Monday, February 27, 2012

The Fantastic Flying Books of Mr. Morris Lessmore (ages 6 - 10)

The Fantastic Flying Books of Mr. Morris Lessmore won the Oscar for best animated short film last night at the 84th annual Academy Awards ceremony. William Joyce, with his Moonbot Studios, is forging a path telling stories across multiple platforms: animated movies, interactive book apps, and traditional print books. The Fantastic Flying Books of Mr. Morris Lessmore is an ode to the imaginative power of stories, the magical way that books feed our soul and lift us up from our everyday surroundings. I am thrilled that it was recognized by the Academy.

William Joyce and Brandon Oldenburg, his co-founder of Moonbot Studios, have had a long collaboration in film. Here they are accepting the Oscar for The Fantastic Flying Books of Mr. Morris Lessmore. Joyce and Oldenburge are currently co-directing The Guardians of Childhood, an animated feature for DreamWorks. Joyce has written picture books and chapter books for the Guardians of Childhood series. The Man in the Moon and E. Aster Bunnymund and the Warrior Eggs at the Earth's Core! have both gotten very positive reactions from my students.
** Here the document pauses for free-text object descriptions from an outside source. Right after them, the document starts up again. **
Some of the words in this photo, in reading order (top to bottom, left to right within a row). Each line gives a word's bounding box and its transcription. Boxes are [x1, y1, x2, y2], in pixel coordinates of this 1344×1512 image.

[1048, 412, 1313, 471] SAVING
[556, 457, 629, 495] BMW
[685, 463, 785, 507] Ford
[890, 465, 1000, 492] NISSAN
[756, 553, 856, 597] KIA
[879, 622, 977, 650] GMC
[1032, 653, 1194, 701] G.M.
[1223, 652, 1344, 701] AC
The interactive book app for The Fantastic Flying Books of Mr. Morris Lessmore was a finalist for the 2011 Cybils Book App award. I reviewed it last summer for the School Library Journal blog Touch and Go. I'd love to share that review with you here.
"With a stunning combination of computer animation, interactive features, and traditional picture-book elements, William Joyce and Moonbot Studios have developed an enchanting story about the power of books. Based on their award-winning short film, this production sets the bar high for picture-book apps.

Morris Lessmore, a man who loves words and stories, is swept away to a distant land when a terrible storm strikes. Luckily, “… a happy bit of happenstance came his way…Drifting through the sky above him, Morris saw a lovely lady…being pulled along by a festive squadron of flying books.” The young woman sends him a story that leads him to “an extraordinary building where many books apparently ‘nested.’” It is here that Morris discovers his true home, among the thousands of volumes, each “whispering an invitation to adventure.”
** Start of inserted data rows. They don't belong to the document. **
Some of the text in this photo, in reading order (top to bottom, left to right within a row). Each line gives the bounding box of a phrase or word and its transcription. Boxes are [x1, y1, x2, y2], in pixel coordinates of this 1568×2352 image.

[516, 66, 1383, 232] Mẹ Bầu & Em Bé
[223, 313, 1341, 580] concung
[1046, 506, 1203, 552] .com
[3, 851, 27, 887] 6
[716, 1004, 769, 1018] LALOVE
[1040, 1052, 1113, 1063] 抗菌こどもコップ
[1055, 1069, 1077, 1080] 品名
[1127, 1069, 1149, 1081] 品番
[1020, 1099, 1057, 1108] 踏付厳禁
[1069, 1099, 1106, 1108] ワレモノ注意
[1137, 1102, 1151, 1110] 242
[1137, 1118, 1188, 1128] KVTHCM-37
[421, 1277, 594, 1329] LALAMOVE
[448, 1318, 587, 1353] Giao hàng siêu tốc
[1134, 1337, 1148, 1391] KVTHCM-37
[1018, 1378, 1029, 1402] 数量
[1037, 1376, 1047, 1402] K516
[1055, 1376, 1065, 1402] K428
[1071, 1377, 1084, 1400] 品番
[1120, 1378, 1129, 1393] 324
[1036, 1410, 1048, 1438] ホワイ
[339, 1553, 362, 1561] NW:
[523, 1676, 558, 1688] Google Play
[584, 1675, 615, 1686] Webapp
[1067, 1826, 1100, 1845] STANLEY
Joyce combines his background as a filmmaker, an illustrator, and an author to create a groundbreaking storybook app. The production flows seamlessly between a combination of media, with effective well-paced page turns. While the short film in the beginning of the app is silent, the writing is graceful and eloquent. In the end, what makes Morris Lessmore a story that readers will come back to again and again is the way it which it affirms the power of books to speak to us and carry us away."

This book app continues to enchant students at our library - ranging from kindergartners through 5th graders. They are drawn in by the blend of animation and the interactive features - it really does strike them as something completely new. And yet they are held by the magic of the story, the way that it strikes a chord so familiar to them, even with this new way of telling a story.
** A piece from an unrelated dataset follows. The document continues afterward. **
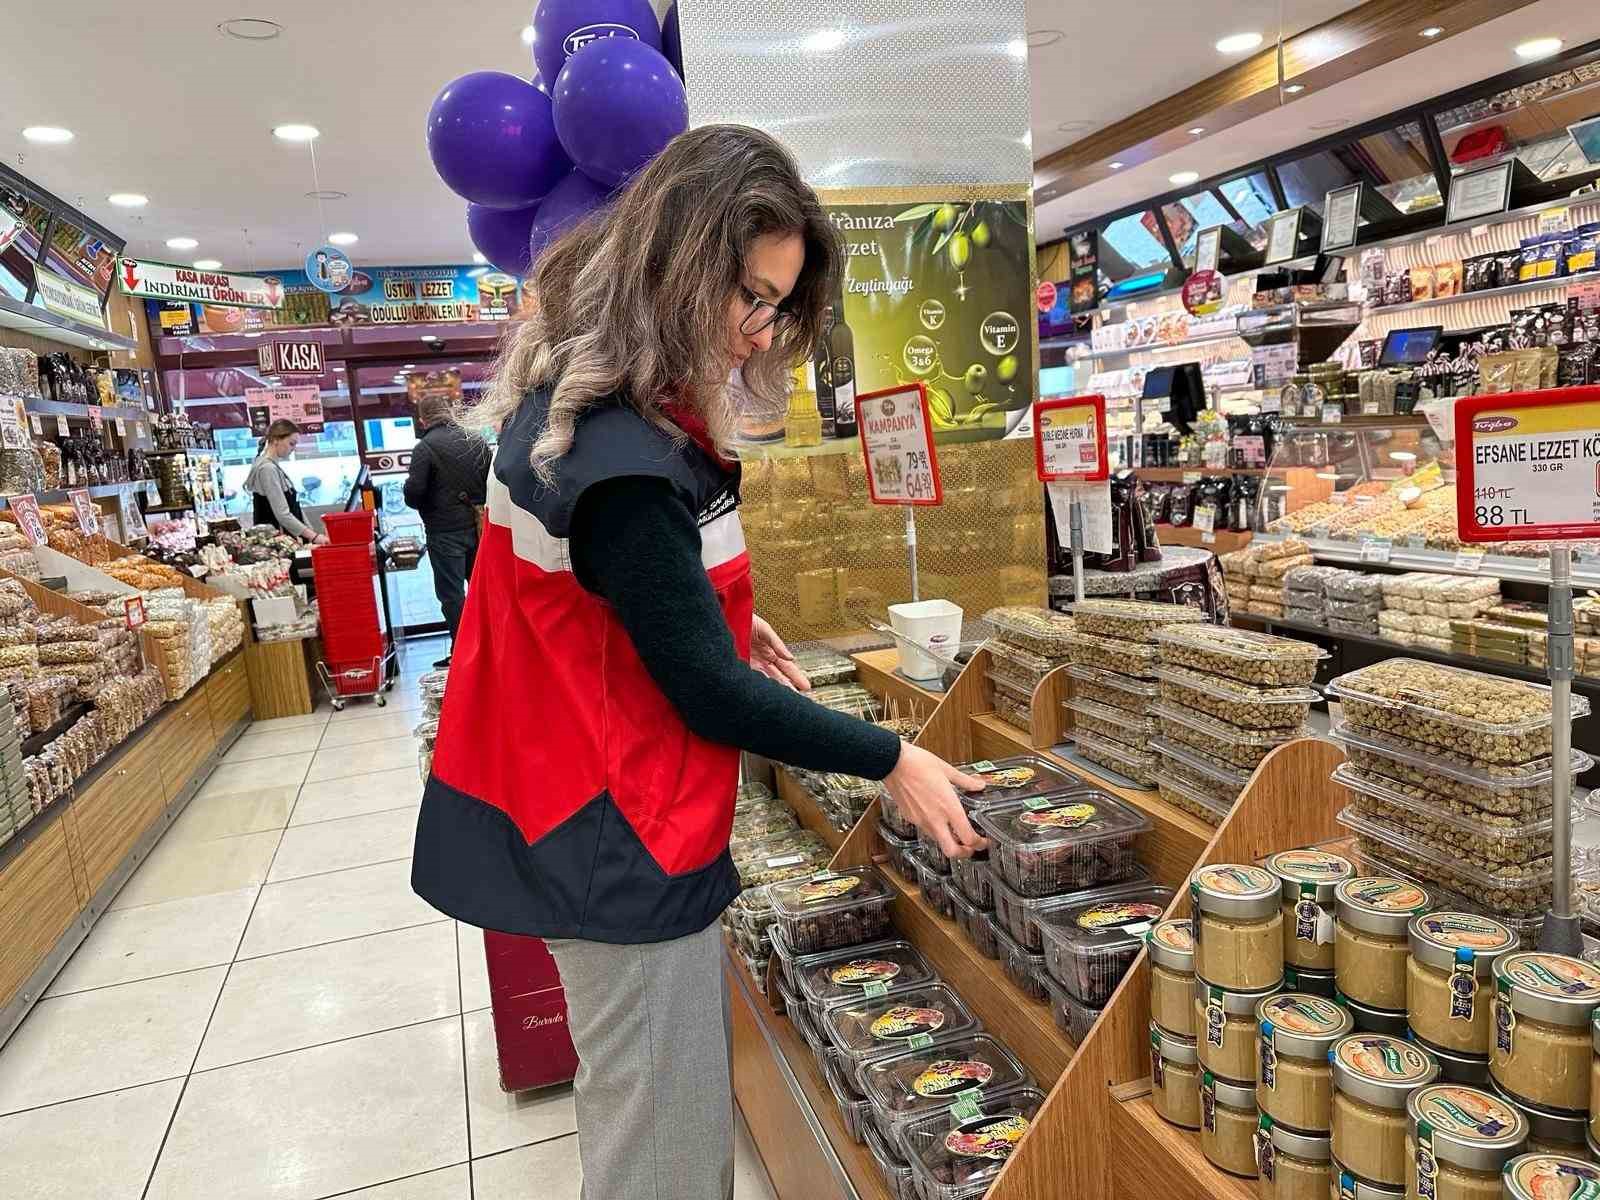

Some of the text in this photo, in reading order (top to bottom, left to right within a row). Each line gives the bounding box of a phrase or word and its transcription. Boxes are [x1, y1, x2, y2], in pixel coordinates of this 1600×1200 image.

I'm fascinated by the way that William Joyce, author of such classic favorites as The Leaf Men and George Shrinks, is developing his new stories. He released Morris Lessmore first as a film, then an app - and this summer it will be published as a traditional picture book. And I think this will definitely work. These are all intertwined ways of enjoying a story, and children will want to experience the app and the book in different, complementary ways.

You can download the silent film from iTunes, and the app is also available on iTunes. The review copy of the app was kindly sent by Moonbot Studios. If you make a purchase using the Amazon links on this site, a small portion goes to Great Kid Books (at no cost to you!). Thank you for your support.

©2012 Mary Ann Scheuer, Great Kid Books


  1. Love this post. Just saw the film last night. Plan on checking out the app today.